Principals express satisfaction with Teach For America teachers
A large majority of school principals are satisfied with teachers provided to their campuses through the Teach For America program, according to a new RAND Corporation study.
Principals with more experience rated Teach For America corps members more highly. By comparison, principals who are Teach For America alumni, along with principals at charter schools, were similarly satisfied overall but rated corps members' abilities lower in specific areas.
The findings are from a RAND survey of 1,803 principals that Teach For America commissioned to help improve the preparation, placement and performance of its teachers.
The results show that more than 80 percent of the principals surveyed in 2015 expressed satisfaction with Teach For America teachers. Approximately 20 percent of the principals surveyed said they were not satisfied. In a similar survey of principals in 2013, only 6 percent expressed a similar sentiment.

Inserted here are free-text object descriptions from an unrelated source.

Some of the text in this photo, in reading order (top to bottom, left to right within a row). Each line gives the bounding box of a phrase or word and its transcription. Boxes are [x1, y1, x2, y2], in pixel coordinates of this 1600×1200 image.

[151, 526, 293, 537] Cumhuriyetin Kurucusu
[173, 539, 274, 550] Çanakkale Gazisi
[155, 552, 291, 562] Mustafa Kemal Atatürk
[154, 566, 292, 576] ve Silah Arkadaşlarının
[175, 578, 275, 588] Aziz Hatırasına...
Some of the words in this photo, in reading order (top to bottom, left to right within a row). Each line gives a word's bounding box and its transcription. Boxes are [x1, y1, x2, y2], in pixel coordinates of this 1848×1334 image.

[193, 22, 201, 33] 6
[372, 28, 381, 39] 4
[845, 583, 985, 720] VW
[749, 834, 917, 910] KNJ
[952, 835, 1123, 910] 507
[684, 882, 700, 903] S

"While the overall satisfaction rate with Teach for America remains very high, the decline in principal satisfaction, along with Teach For America alumni who were more critical of corps members, provides an opportunity for improvement," said Mollie Rudnick, lead author on the study and graduate fellow at the Pardee RAND Graduate School.

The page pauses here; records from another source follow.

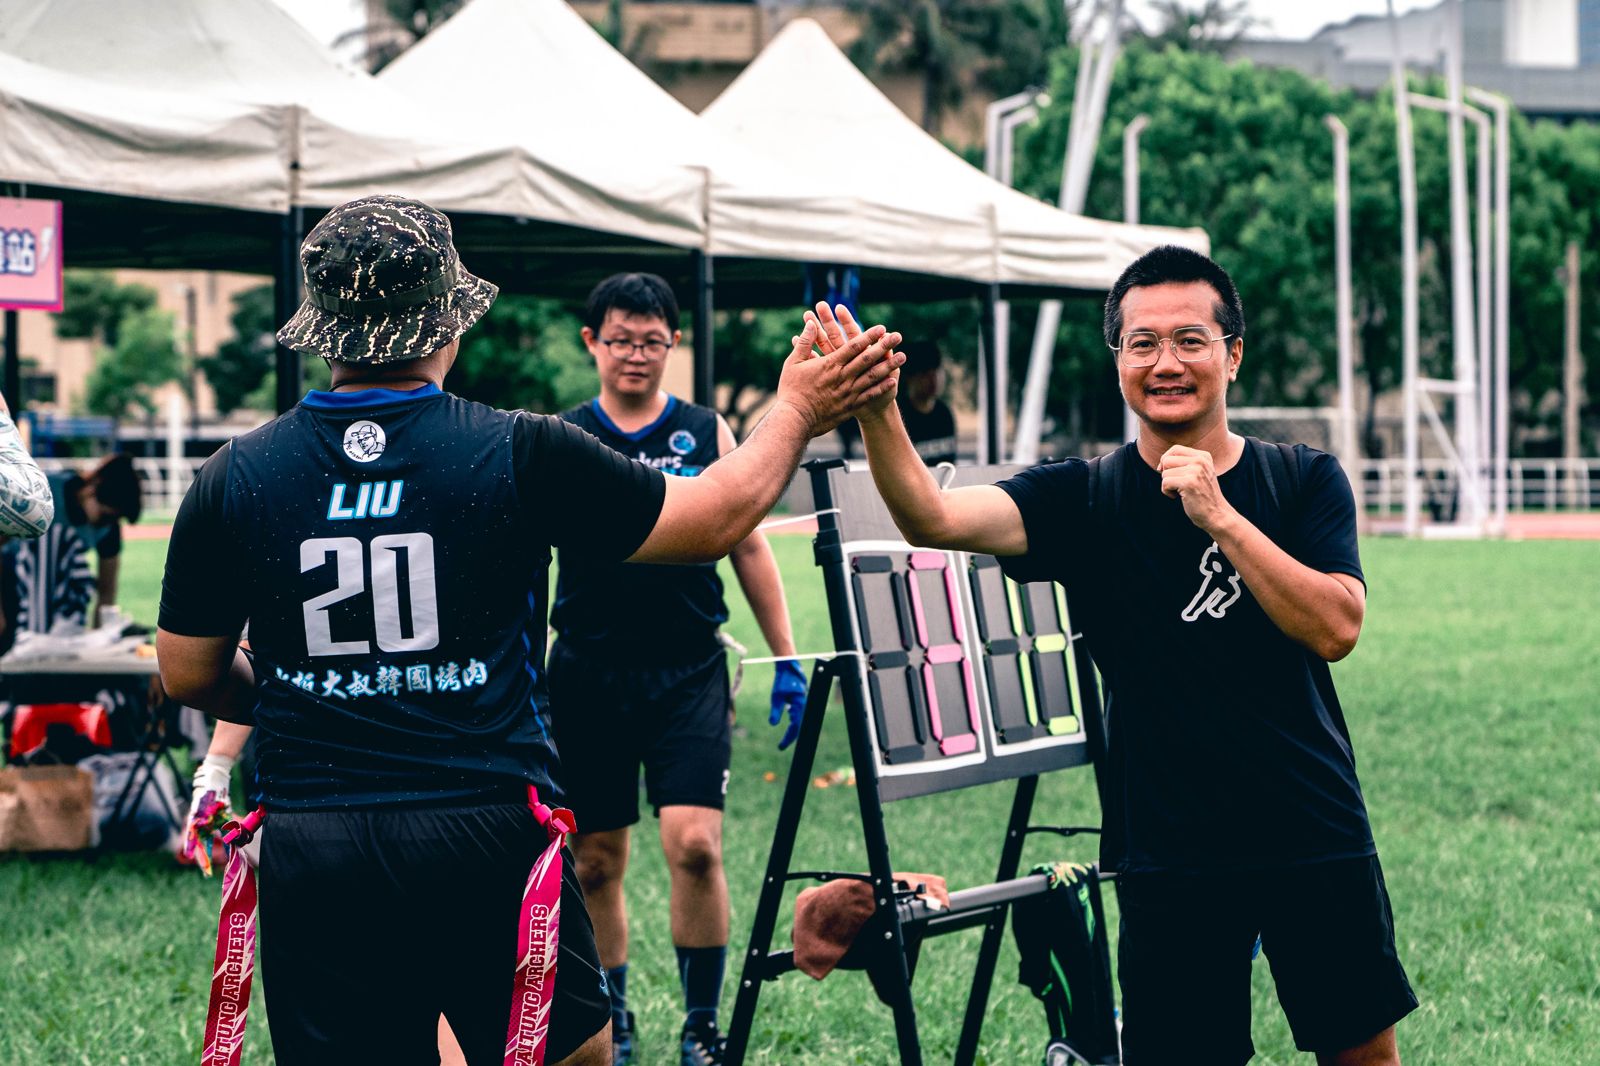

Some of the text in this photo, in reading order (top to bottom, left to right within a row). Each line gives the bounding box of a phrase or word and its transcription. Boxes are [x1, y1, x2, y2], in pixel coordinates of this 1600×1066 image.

[0, 226, 36, 276] 站
[631, 451, 683, 469] kers
[327, 480, 404, 520] LIU
[300, 532, 440, 657] 20
[222, 912, 248, 1001] ARCHERS
[525, 903, 550, 991] ARCHERS

Researchers say the principals who participated in the latest survey had fewer years teaching and less experience as a principal than participants in the 2013 survey.

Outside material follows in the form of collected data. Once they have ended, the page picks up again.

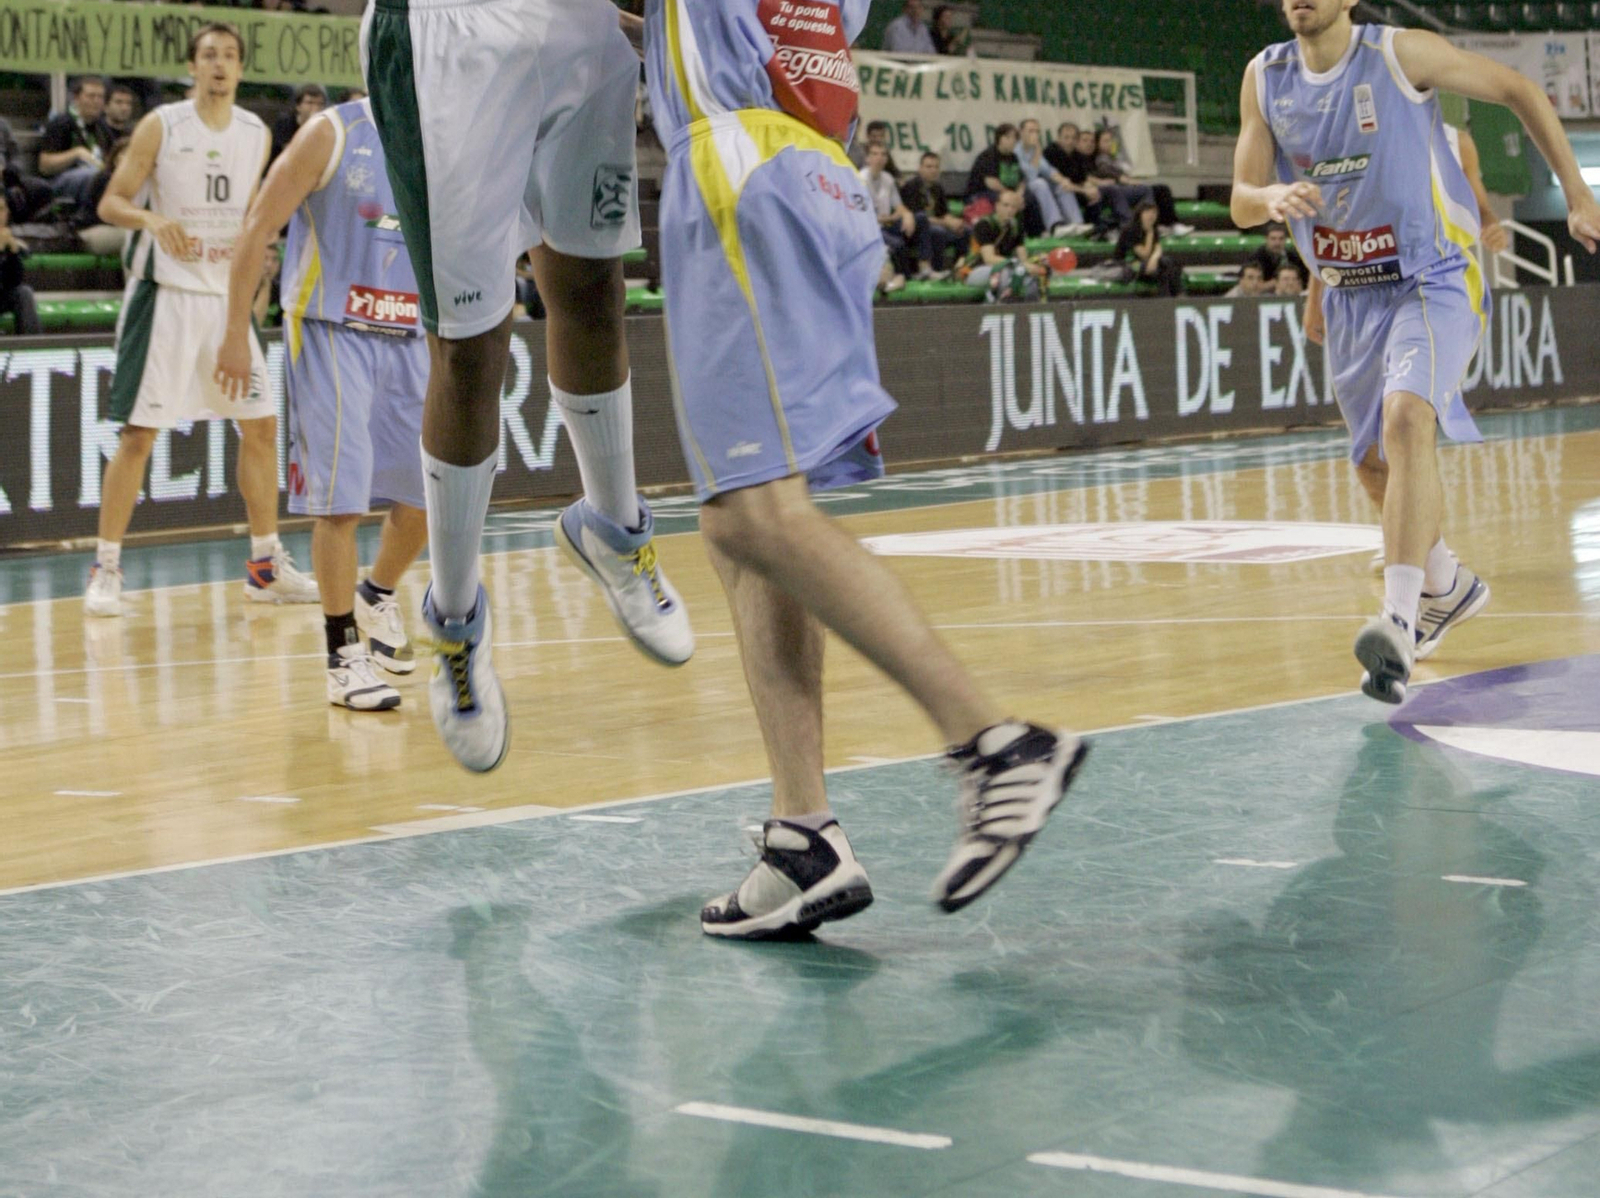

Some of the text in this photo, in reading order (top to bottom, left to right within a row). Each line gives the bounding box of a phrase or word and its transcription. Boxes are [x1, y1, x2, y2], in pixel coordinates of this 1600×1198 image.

[770, 14, 787, 26] de
[780, 1, 830, 20] Tu portal
[96, 13, 114, 68] Y
[120, 13, 145, 70] LA
[278, 24, 312, 75] OS
[319, 25, 361, 75] PAR
[945, 122, 973, 152] 10
[1311, 156, 1370, 177] farho
[206, 173, 230, 202] 10
[1339, 232, 1396, 262] gijón
[1340, 264, 1384, 277] DEPORTE
[1344, 272, 1400, 286] ASTURIANO
[374, 294, 418, 321] gijón
[979, 310, 1149, 452] JUNTA
[1176, 305, 1236, 417] DE

The study found satisfaction rates are directly connected to how long a principal had been a school leader. When compared to principals with less experience as a teacher or principal, the principals with more experience rated corps members' abilities to improve student performance significantly higher. These same principals also rated the Teach For America corps members higher in comparison to the other novice teachers in their own schools.
Key areas where principals gave high ratings to Teach For America teachers include developing positive relationships with colleagues and administrators, having an impact on student performance, having high expectations for all students and knowledge of the subject matter they teach.
In addition, 86 percent of principals indicated they would hire additional corps members and 66 percent indicated they would recommend hiring corps members to other principals.
"School principals interview, hire and rely on our corps members to make a significant, positive impact with their students and contribute to a thriving community. Principals are essential partners for Teach For America," said Elisa Villanueva Beard, chief executive officer for Teach For America. "We're glad to see that principals are overwhelmingly satisfied with the teachers we provide to their schools. We will use these findings to continue to improve our recruitment, preparation and support of corps members."
Principals identified their own experience with previous corps members, along with the corps members' ability to fit in with school culture, collaborate with staff, their commitment to teaching, and the support and training provided by Teach For America, as the main reasons they would hire corps members in the future.
The two main reasons the principals gave for not hiring corps members in the future were their classroom management skills and the fact that corps members' initial commitment is for only two years.
For RAND researchers, the results suggest there is an opportunity to provide additional education to all principals who are hiring Teach For America teachers, as well as review how the corps members are trained for their classroom experience.